No último episódio de 2024, o podcast Calma Urgente faz uma conversa muito boa sobre leitura, concentração, o que isso significa na vida, na memória etc. Uma novidade pra mim foi entender que a memória não funciona como um HD, essa metáfora gasta e, aprendi, inexata. A memória funciona como um músculo — quanto mais você lembra, mais você lembra. Leitura é assim também, é exercício (além de inúmeras outras coisas muito mais lindas, claro). Quando os raros brasileiros que ainda compram livros gastam seu dinheiro com os de colorir (de Café com Deus Pai eu só vou dizer que o autor chama Rostirola e eu não acredito que ninguém tinha me avisado disso), o que elas buscam não é nem sequer entretenimento (entretenimento era o Paulo Coelho, a Sabrina, a Agatha Christie. E entretenimento é legal). Livro de colorir é distração, no sentido de esvaziamento, aliás, no sentido de nada. Eu não sei o que isso significa, mas infelizmente imagino que seja uma péssima notícia pra cadeia do livro, pra cabeça das pessoas, pro mundo.
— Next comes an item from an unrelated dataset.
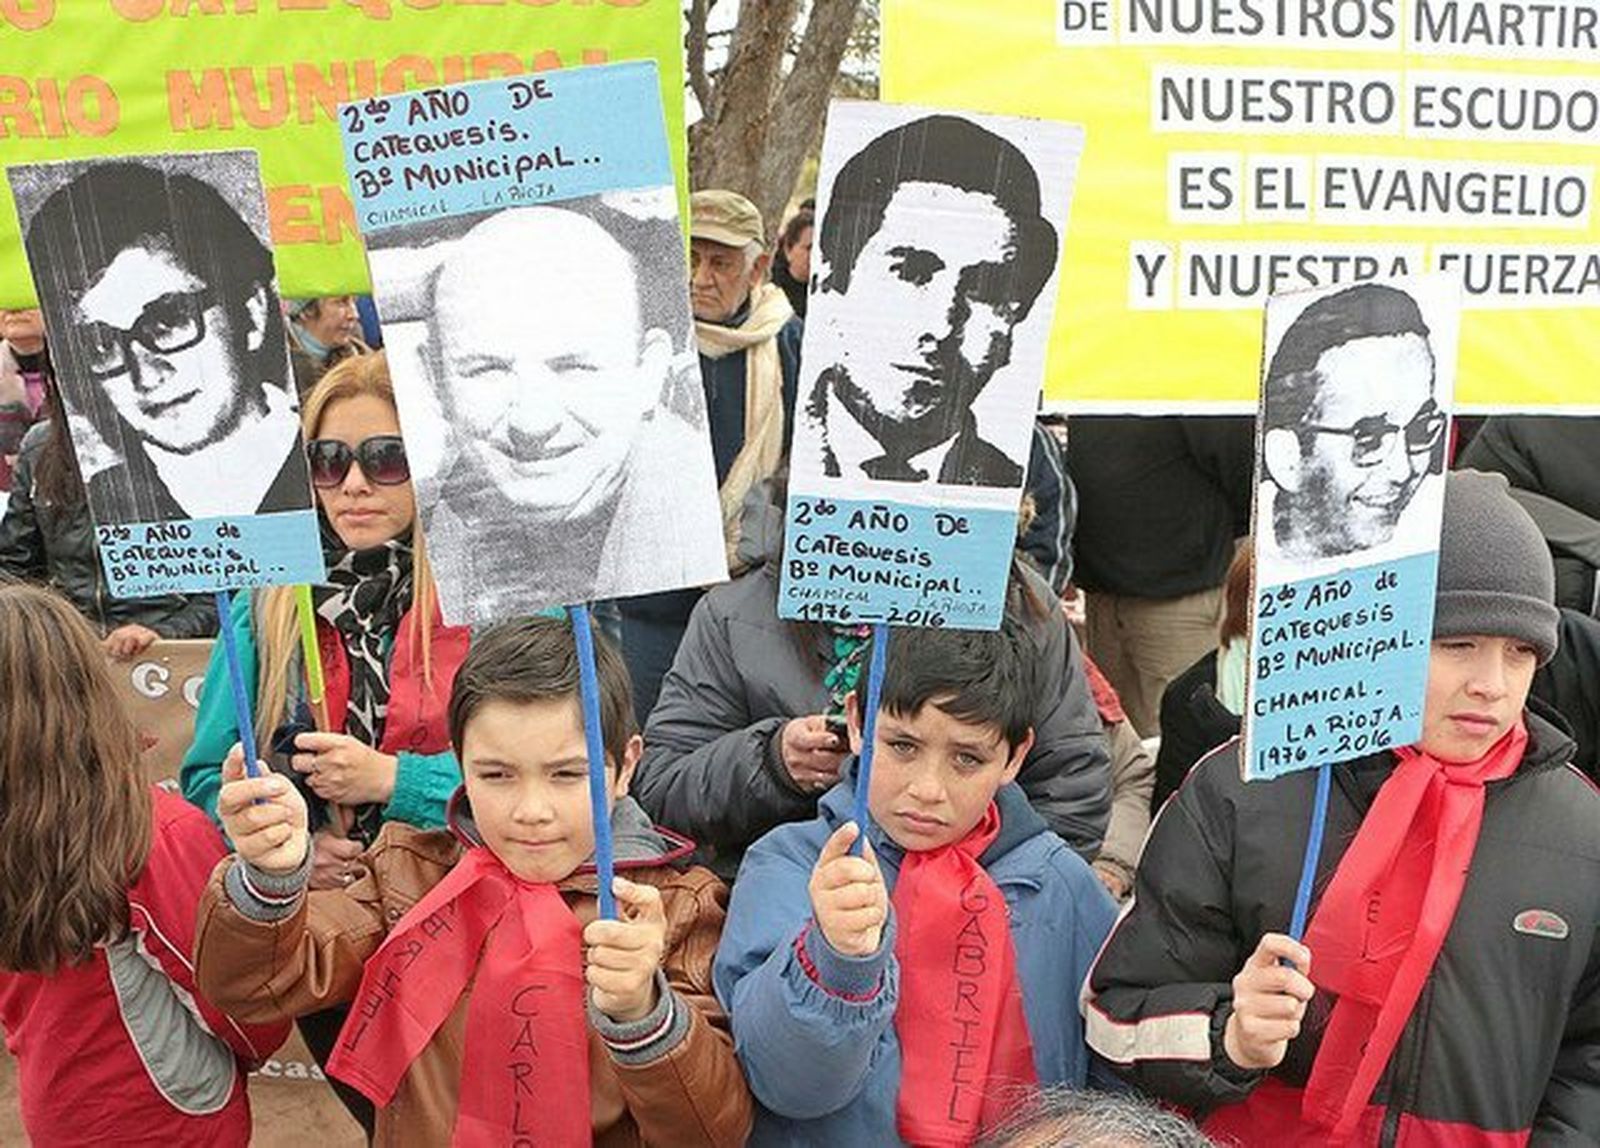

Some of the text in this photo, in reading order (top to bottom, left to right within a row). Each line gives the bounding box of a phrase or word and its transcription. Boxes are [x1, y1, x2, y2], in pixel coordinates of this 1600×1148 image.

Revoltada que fiquei, porque isso de trabalhar com livro deixa a gente nervosa muito fácil, escolhi para esta cartinha livros nada comfy, nada cute, nada cozy. Eu até acho que tem livro que conforta sem ser babaca (essa loucura que chamam de “ficção de cura”). Mas esses livros aqui são todos meio desconfortáveis, apesar de lindíssimos.
Tipo a vida, né?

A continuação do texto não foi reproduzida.